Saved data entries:
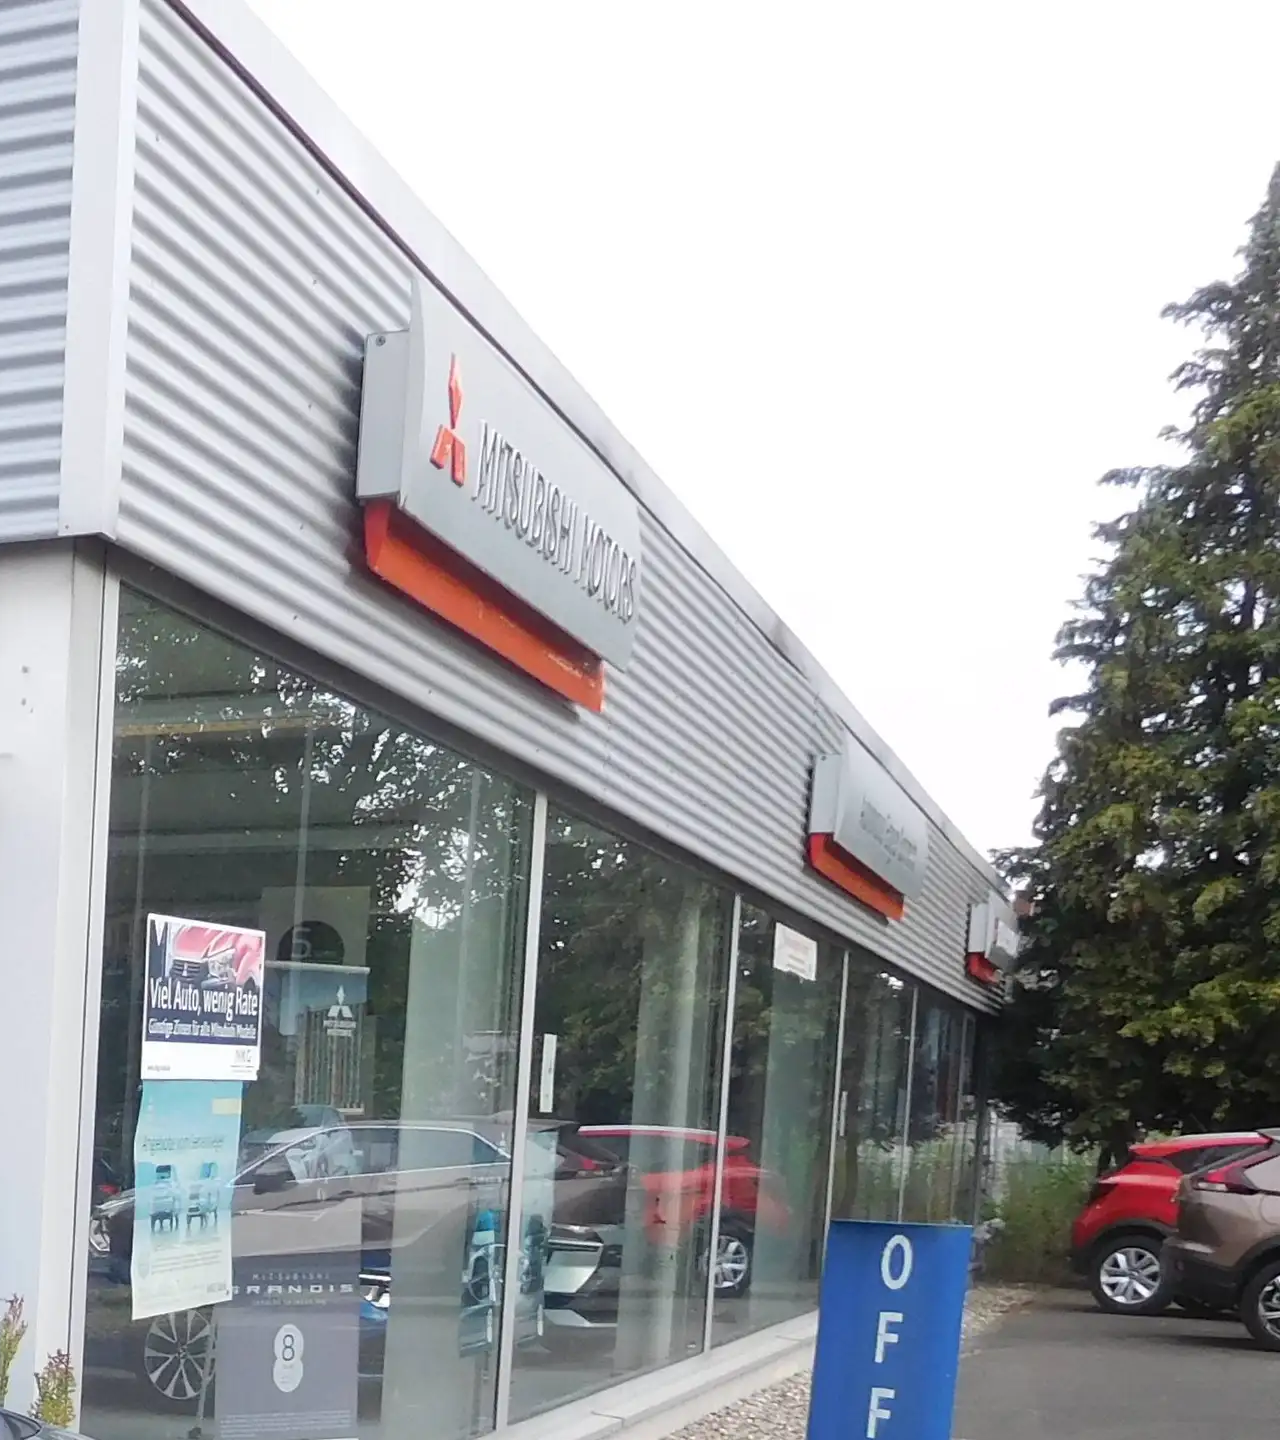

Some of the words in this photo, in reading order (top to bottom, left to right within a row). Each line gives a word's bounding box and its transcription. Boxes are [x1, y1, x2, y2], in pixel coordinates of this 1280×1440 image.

[471, 418, 579, 575] MITSUBISHI
[573, 512, 637, 625] MOTORS
[150, 975, 172, 1009] Viel
[174, 980, 202, 1015] Auto,
[203, 985, 234, 1023] wenig
[235, 986, 258, 1016] Rate
[281, 1333, 296, 1362] 8
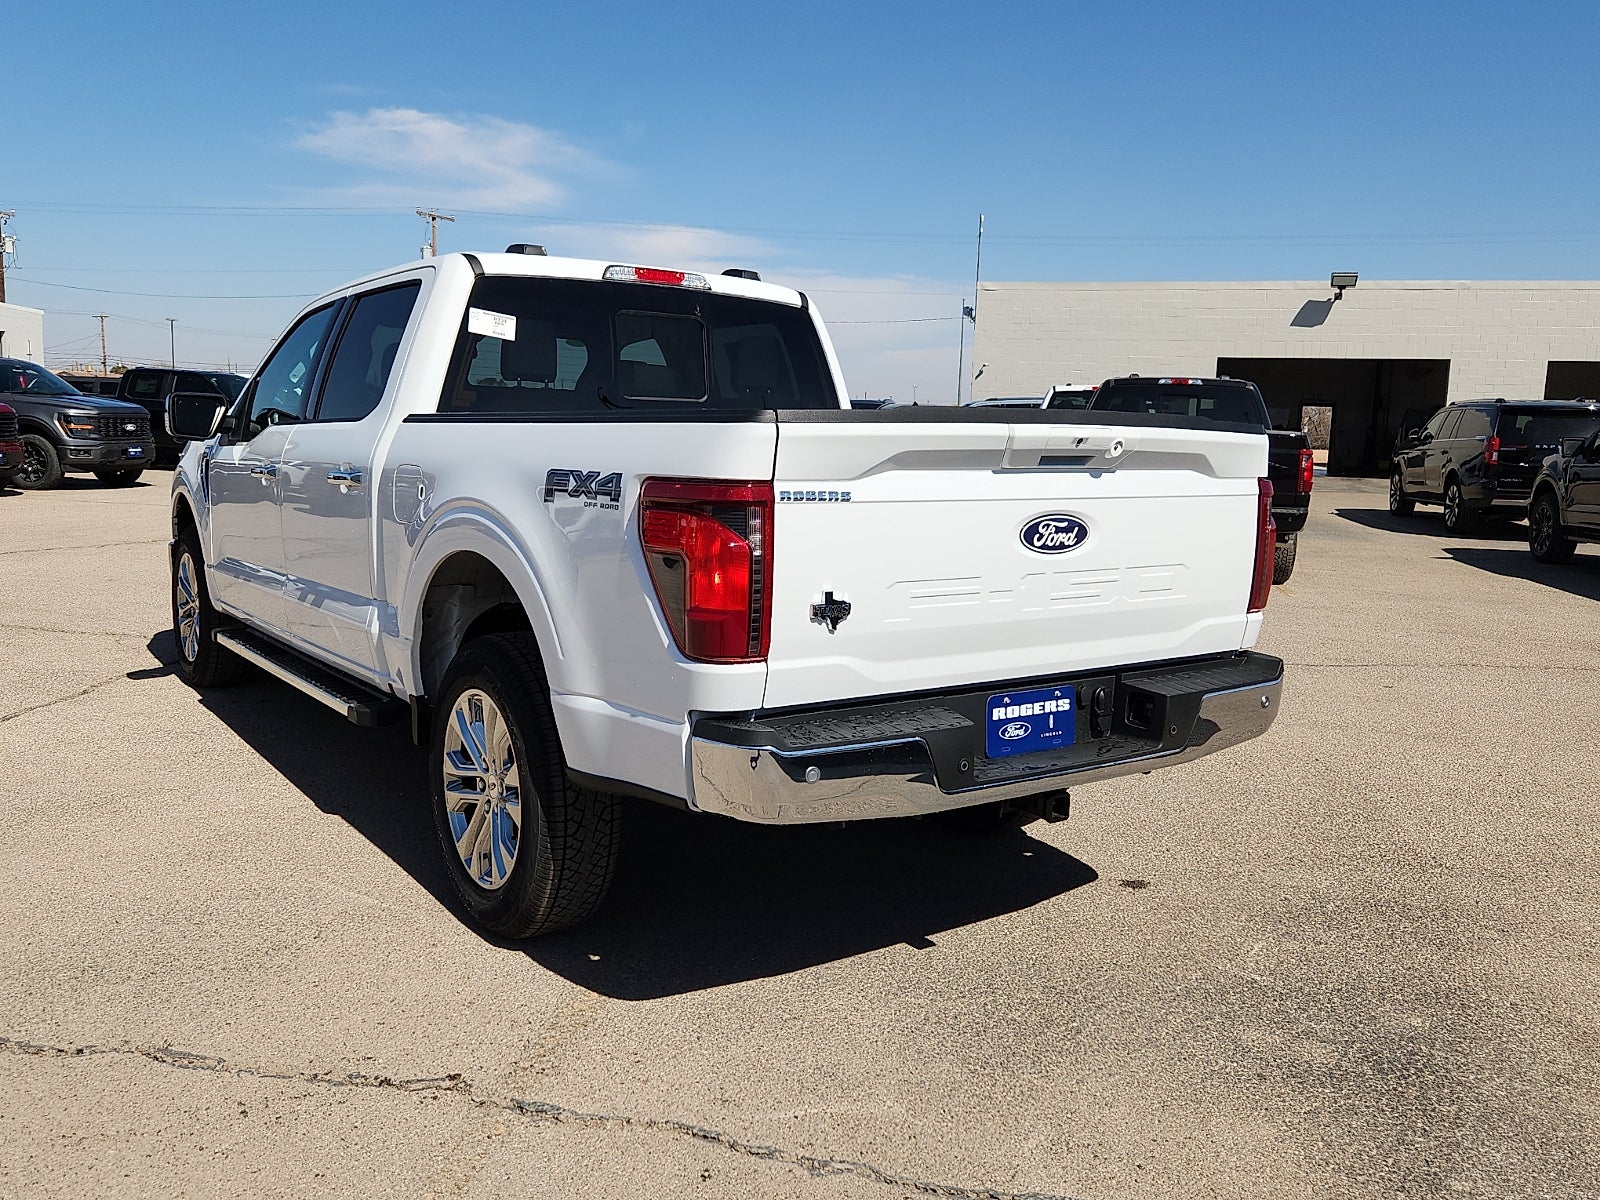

**Exercise instructions**
Write the records out again exactly as shown above, keeping no pictures.

**Response**
Some of the words in this photo, in reading order (top to bottom, left to right within a row). Each line gives a word's bounding box and its transcription. Boxes are [x1, y1, x2, y2], in pixel coordinates of this 1280×1440 image.

[471, 418, 579, 575] MITSUBISHI
[573, 512, 637, 625] MOTORS
[150, 975, 172, 1009] Viel
[174, 980, 202, 1015] Auto,
[203, 985, 234, 1023] wenig
[235, 986, 258, 1016] Rate
[281, 1333, 296, 1362] 8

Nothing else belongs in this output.